Moved sub-packages 'genome' and 'tabio' to separate top-level package 'skgenome'
(#201). The top-level cnvlib API is mostly the same otherwise, but supporting
modules were refactored to decouple skgenome from cnvlib and remove
redundancies. In particular:

  • Split module cnvlib.core split into skgenome.tabio and cnvlib.cmdutil
  • Remove GenomicArray static method row2label in favor of functions to_label and from_label in new module skgenome.rangelabel.
  • The SEG writer in 'tabio' now replaces chromosome names with 1-based integer indices, per SEG spec/convention.

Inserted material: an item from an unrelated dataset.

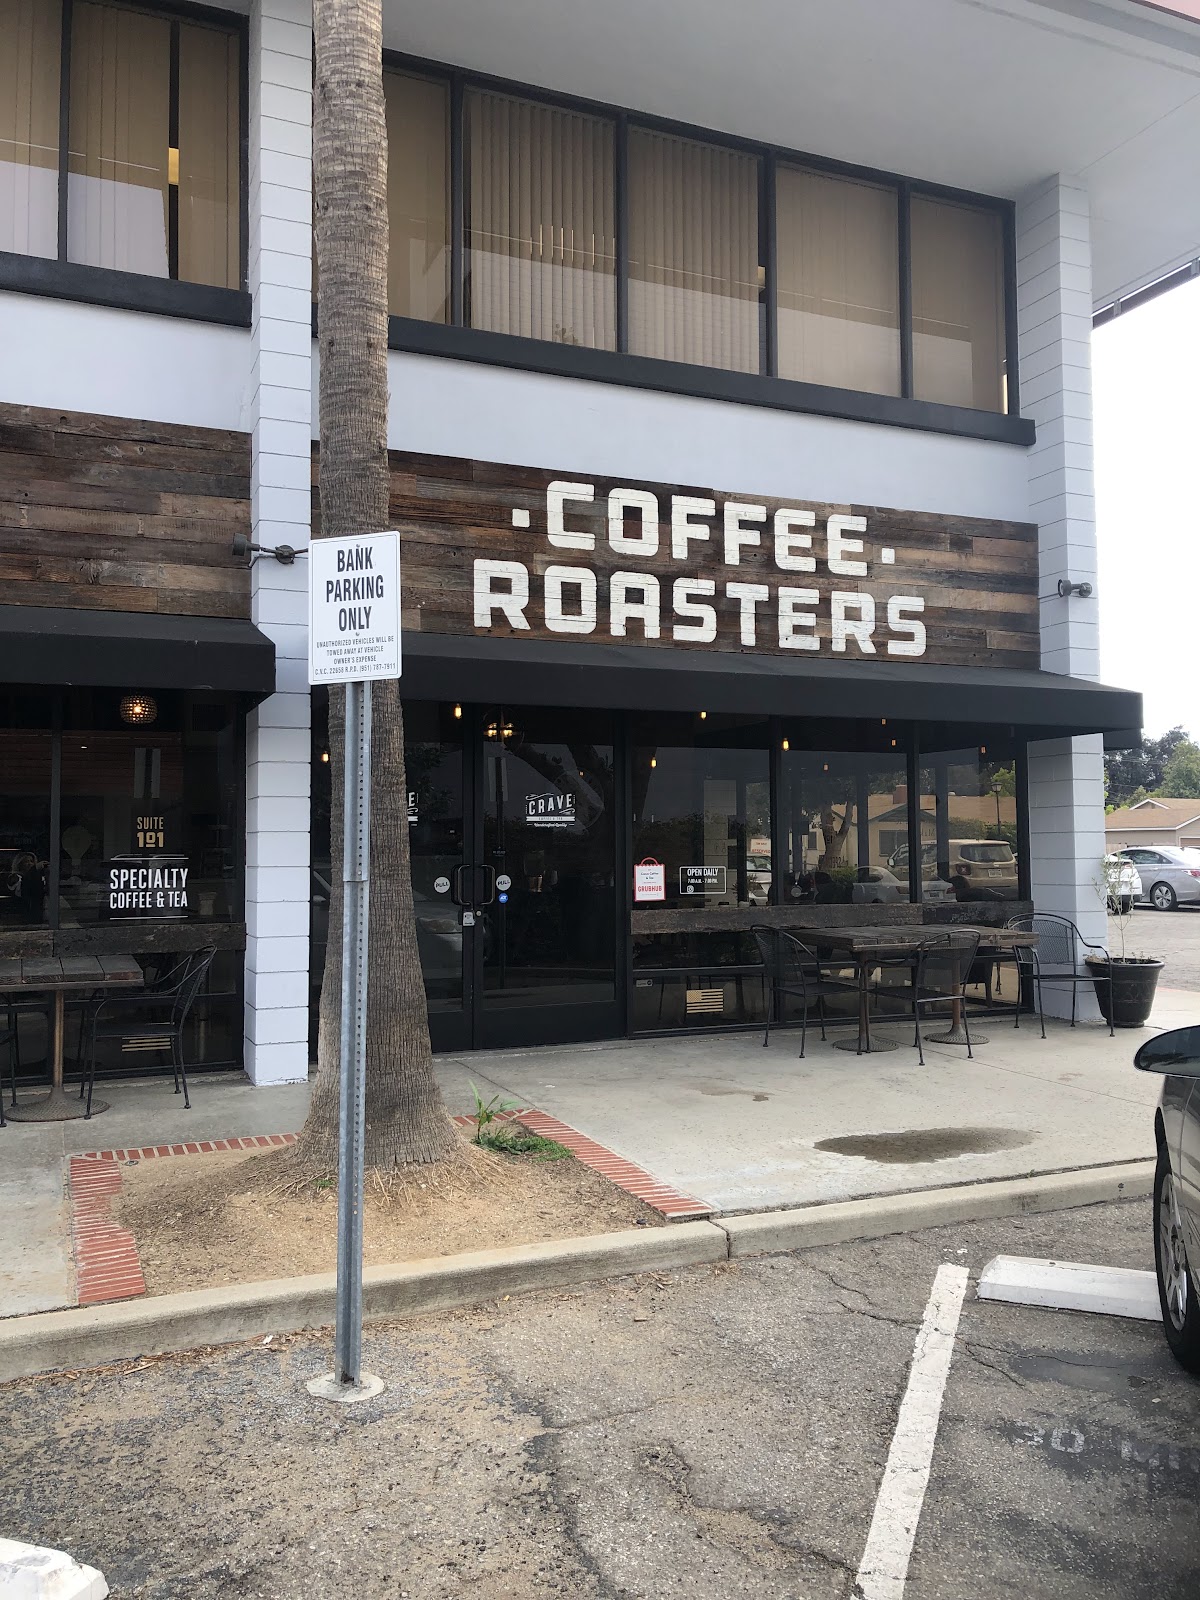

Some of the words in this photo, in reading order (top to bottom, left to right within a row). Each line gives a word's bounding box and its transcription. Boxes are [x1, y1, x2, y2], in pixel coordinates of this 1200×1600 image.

The export seg command now uses this writer directly.

Scripts

  • Remove the script coverage_bin_size.py, previously deprecated in favor of the autobin command.
  • Add skg_convert.py to convert between tabular formats (including BED and UCSC RefFlat).
  • Deprecate refFlat2bed.py in favor of skg_convert.py.
  • Add cnn_annotate.py to replace the "gene" field for each bin in a .cnn or .cnr file, given a gene annotation database like refFlat.txt. The need for this comes up occasionally when users notice at the end of an analysis that vendor-annotated targets are not the desired gene names.